Ontem conversando com um professor de inglês antigo, ele me contava a experiência de dar aulas pra moçada mais jovem, dos seus 13 a 17 anos, e reclamava do comportamento na sala de aula, dos alunos.
Pois bem, ele falou que hoje é praticamente impossível você conseguir atenção da maioria dos alunos. Muitos deles ficam ouvindo fone de ouvido, outros brincando com aplicativos do Iphone, outros com netbooks , que ao invés de usá-lo como um beneficio na aula , não, descarrega fotos no mesmo e leva a aula para mostrar a seus amigos. Segundo ele, tem alguns alunos ainda, que colocam um foninho de ouvido em uma orelha, e com o outro ainda presta atenção na aula, e é participativo ainda.
Na conversa demos o nome ao grupo como adolescentes multimídia.
E pior, isso ocorre em uma escola particular, onde no começo do ano foi vetado a entrada de alunos com aparelhos eletrônicos, inclusive celulares, porém o veto caiu por terra com a manifestação dos pais desses alunos que achavam um absurdo não poderem levar eletrônicos que eles mesmos compraram para seus filhos “mostrar”. Então a escola atendendo aos pais retirou o veto e deixou na atual situação.
Esse professor deve ter por volta de 32 anos, e como eu fomos educados no método antigo de ensino, quando o ensino público ainda não era falido. Lembro que éramos educados por bons professores e qualquer coisa que fizéssemos em sala de aula, que não agradasse o professor, éramos penalizados, ou escrever uma “lição” inteira na lousa, ou ficar sentado num banquinho atrás da porta. As sextas feiras, depois das aulas todas, íamos para o estandarte da bandeira nacional, e cantávamos o hino nacional e o hino da bandeira e depois tínhamos meia hora de aula de educação moral e cívica.

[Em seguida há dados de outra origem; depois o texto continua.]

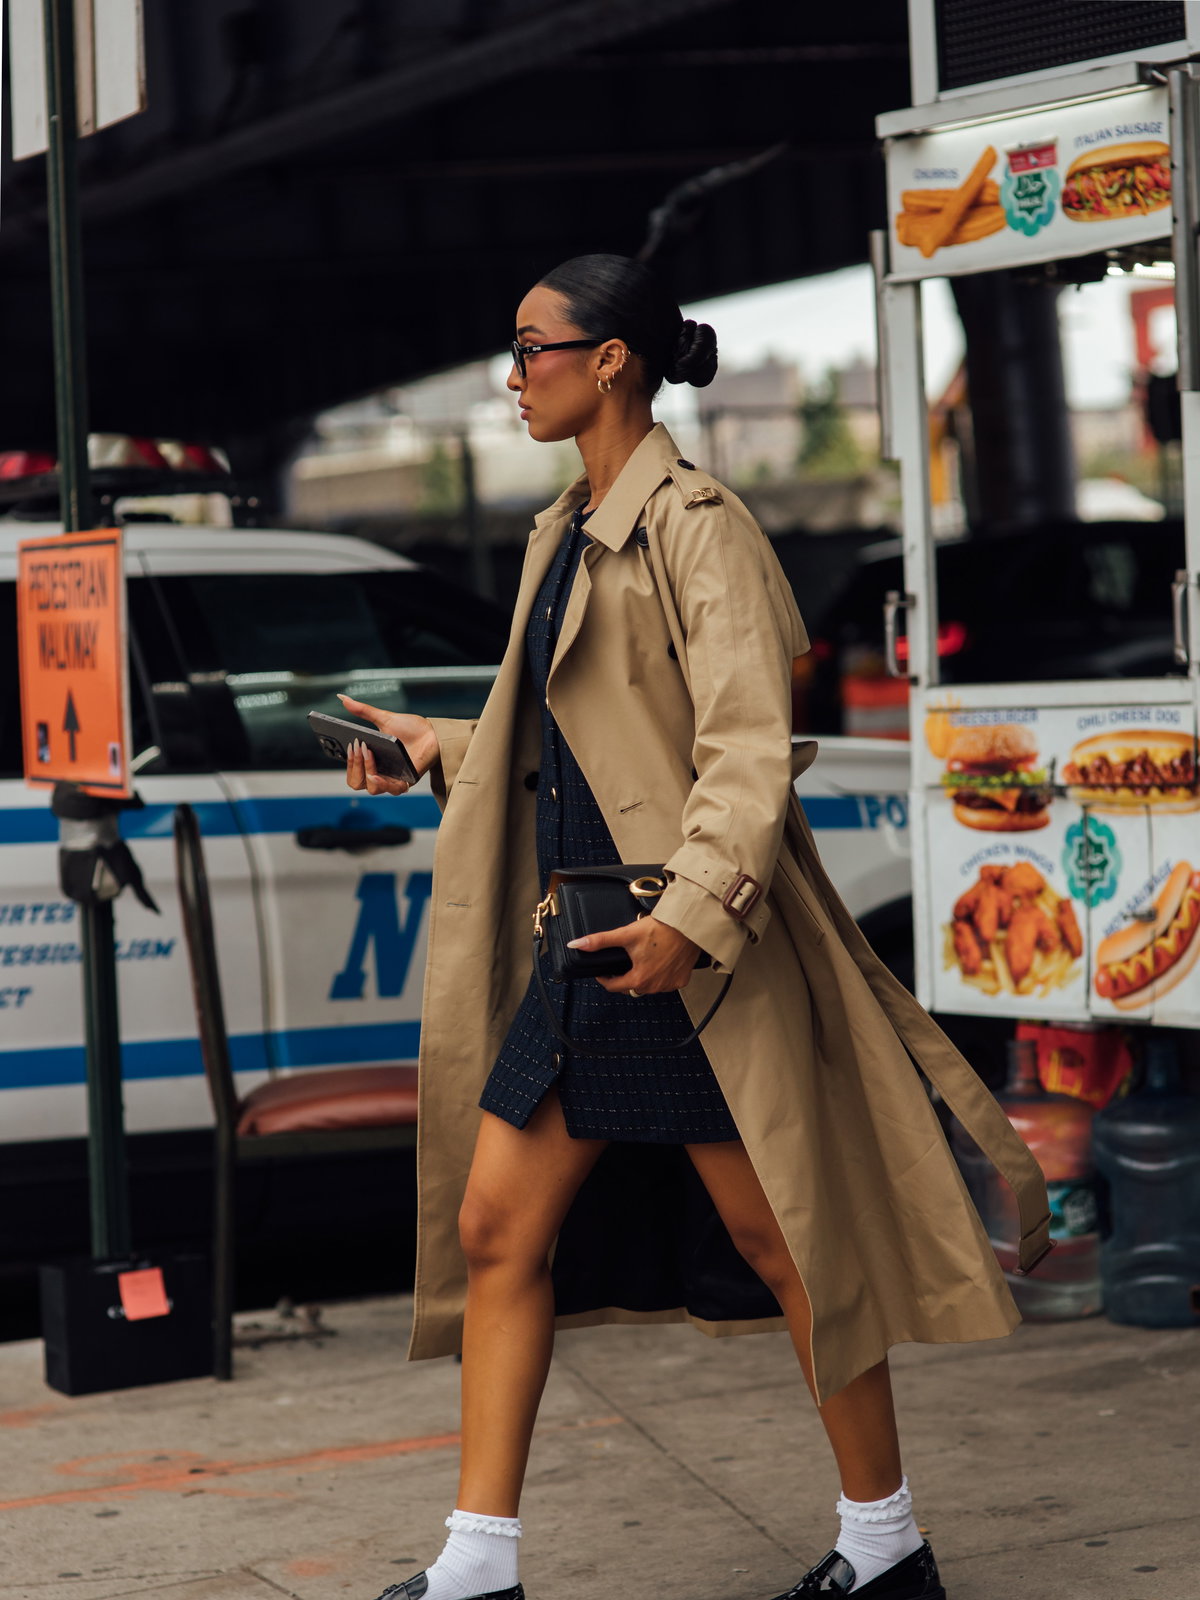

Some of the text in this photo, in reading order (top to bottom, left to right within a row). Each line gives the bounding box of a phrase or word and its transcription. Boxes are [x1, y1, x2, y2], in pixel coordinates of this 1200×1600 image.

Veja, estou falando do começo da década de 90, quando fiz meus primeiros anos do ensino médio em uma escola pública de minha cidade. Inclusive acho que passei por essa fase de sucateamento do ensino público, pois na 7ª série sai da pública e fui para a privada, para ter uma chance maior nos vestibulares da vida, e no meu último ano já estava piorando.
Atualmente mesmo em escolas privadas onde o ensino devia ser de melhor qualidade, não difere tanto das públicas. Isso tudo porque o ensino está sendo tratado como um negócio, e como é negocio as escolas precisam agradar seus clientes, e assim os pais agradados, se auto – enganam achando que seus filhos estão na escola aprendendo alguma coisa.
É claro que isso ainda é minoria, porém nas pequenas cidades como a minha, escolas particulares estão assim, e acredito que na maioria das cidades, por isso temos o êxodo de alunos dedicados que vão para grandes centros a procura de um ensino melhor.
É nítido e notório que precisamos de uma reforma drástica na educação, principalmente no público, para pelo menos ser competitivo ao privado e este melhorar também, afinal a competição estimula um melhor produto oferecido.
Visualizo ainda um colapso em nossa educação, porém isso é tópico para outro post.
Enquanto tivermos uma educação de péssima qualidade, teremos presidentes, governadores, prefeitos fazendo o que fazem. Afinal o semi-analfabetismo é diretamente proporcional a qualidade daqueles que nos governam.